Donald Trump is not expected to follow Bill Clinton's lead in apologizing to the nation after his impeachment ended in an acquittal.
After Clinton was acquitted in his U.S. Senate trial after being impeached for lying under oath, he spoke to Americans and apologized for the scandal and the hurt it caused the nation. But a new report from CNN said that Trump is expected to continue in his line of reasoning that the phone call in which he pressed the Ukrainian president to dig up dirt on Joe Biden was "perfect" -- even as an increasing number of Republicans said he was wrong in doing that.
Trump's defense in the impeachment process shifted as new evidence came forward, with his defenders and legal team initially arguing that Trump had done nothing wrong in seeking an investigation of Biden and was simply trying to root out corruption in Ukraine. But as former National Security Adviser John Bolton reportedly wrote in a transcript for an upcoming book that Trump explicitly said he was withholding military aid to Ukraine to force them to investigation Biden --- not to root out corruption, as Trump claimed -- defenders argued that even if Trump had done what he initially denied, it did not rise to the level of an impeachable offense.
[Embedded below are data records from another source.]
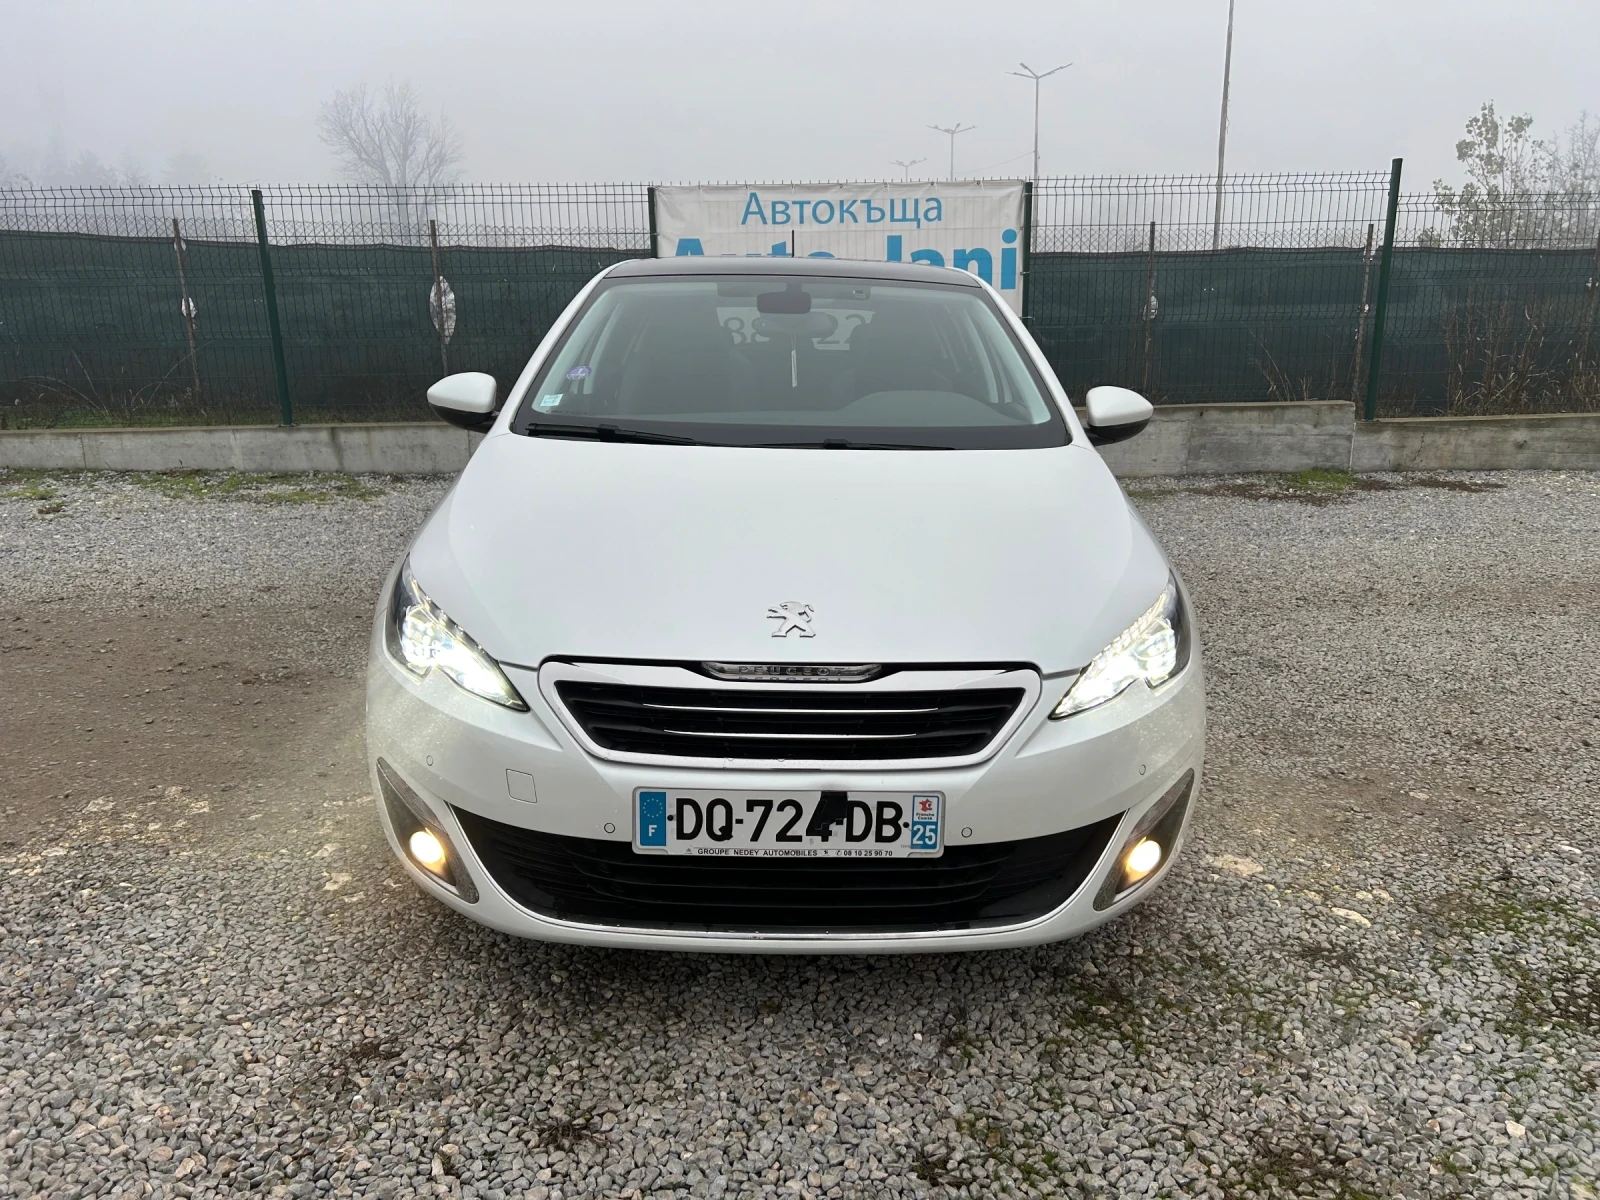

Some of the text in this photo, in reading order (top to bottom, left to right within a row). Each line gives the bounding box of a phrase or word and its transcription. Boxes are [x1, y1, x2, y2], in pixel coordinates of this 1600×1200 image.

[740, 191, 943, 229] Автокъща
[738, 665, 845, 676] PEUGEOT
[647, 824, 657, 837] F
[912, 824, 936, 845] 25
[697, 848, 730, 856] GROUPE
[763, 849, 818, 857] AUTOMOBILES
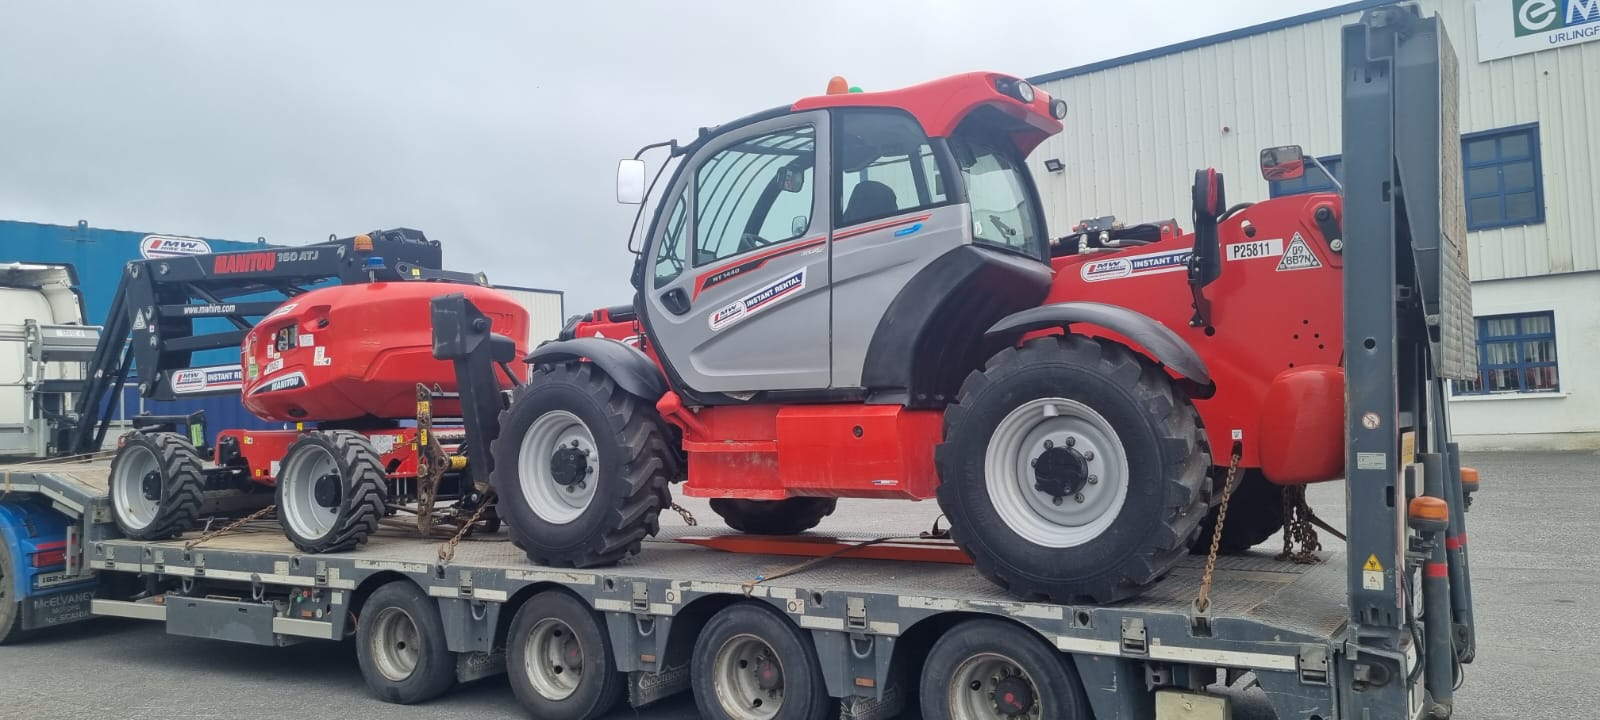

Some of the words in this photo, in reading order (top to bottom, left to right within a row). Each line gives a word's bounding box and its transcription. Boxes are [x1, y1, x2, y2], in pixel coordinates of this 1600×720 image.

[164, 240, 197, 248] MW
[1233, 242, 1270, 258] P25811
[214, 252, 276, 274] MANITOU
[277, 251, 298, 263] 160
[299, 250, 319, 261] ATJ
[1096, 261, 1121, 269] MW
[1134, 257, 1170, 268] INSTANT
[746, 290, 774, 308] INSTANT
[774, 277, 801, 294] RENTAL
[719, 304, 737, 317] MW
[207, 371, 233, 382] INSTANT
[271, 376, 300, 391] MANITOU
Trump is still expected to be acquitted, but his defense that the call was "perfect" seems to have lost the backing of Republicans who will be voting to keep him in office. As the trial draws to a close, many admitted that Trump's behavior was inappropriate. That included Lamar Alexander, who decided against calling for witnesses because he believed that the House prosecutors had successfully proven that Trump's motives were to investigate Biden.
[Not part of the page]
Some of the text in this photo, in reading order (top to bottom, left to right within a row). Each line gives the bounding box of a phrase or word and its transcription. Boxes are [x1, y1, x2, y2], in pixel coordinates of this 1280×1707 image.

Alexander said this was inappropriate, but did not warrant removal from office.
"The Constitution does not give the Senate the power to remove the president from office and ban him from this year's ballot simply for actions that are inappropriate," Alexander said in a statement.
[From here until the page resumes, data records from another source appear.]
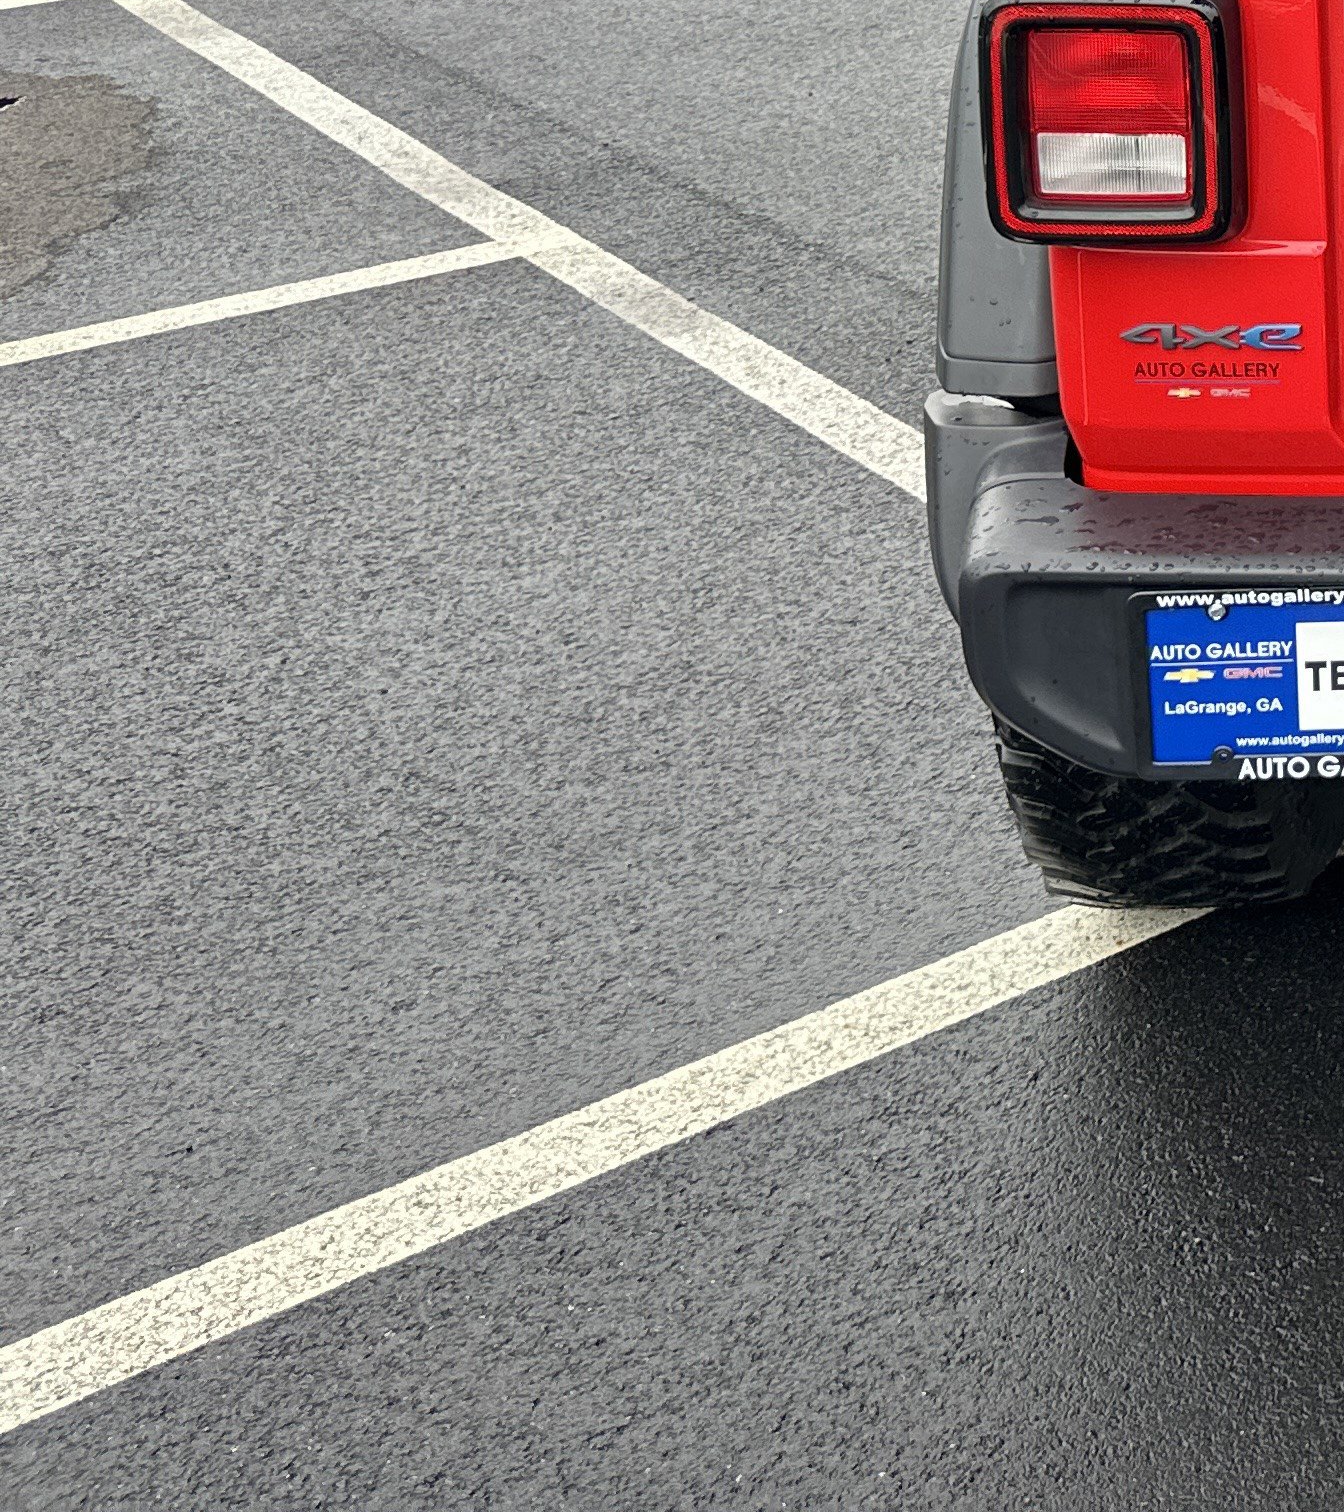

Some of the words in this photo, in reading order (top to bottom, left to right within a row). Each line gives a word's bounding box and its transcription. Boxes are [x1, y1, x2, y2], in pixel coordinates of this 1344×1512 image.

[1134, 362, 1185, 377] AUTO
[1191, 362, 1280, 377] GALLERY
[1150, 643, 1201, 661] AUTO
[1205, 641, 1293, 659] GALLERY
[1223, 666, 1283, 679] GMC
[1164, 699, 1252, 717] LaGrange,
[1256, 697, 1283, 713] GA
[1238, 754, 1310, 780] AUTO
Despite losing the support of members of his party and polls showing that a majority of Americans believe Trump was wrong in pressing for the Biden investigation, Trump is in no mood to apologize, a source told CNN."I don't see the President making a big statement one way or another that would indicate anything different than what he's been saying for many months," said a Republican source close to Trump.
The report added that Trump is expected to claim that the acquittal vindicates him, and could try to argue that it invalidates his impeachment. Trump is reportedly very concerned about what the stain of impeachment would do to his legacy, and has tried arguing that the impeachment itself does not count due to what he called a partisan nature. That argument has already floated up through his legal team, with counsel Alan Dershowitz saying on Saturday that if Trump wins, "nobody should regard him as having been impeached."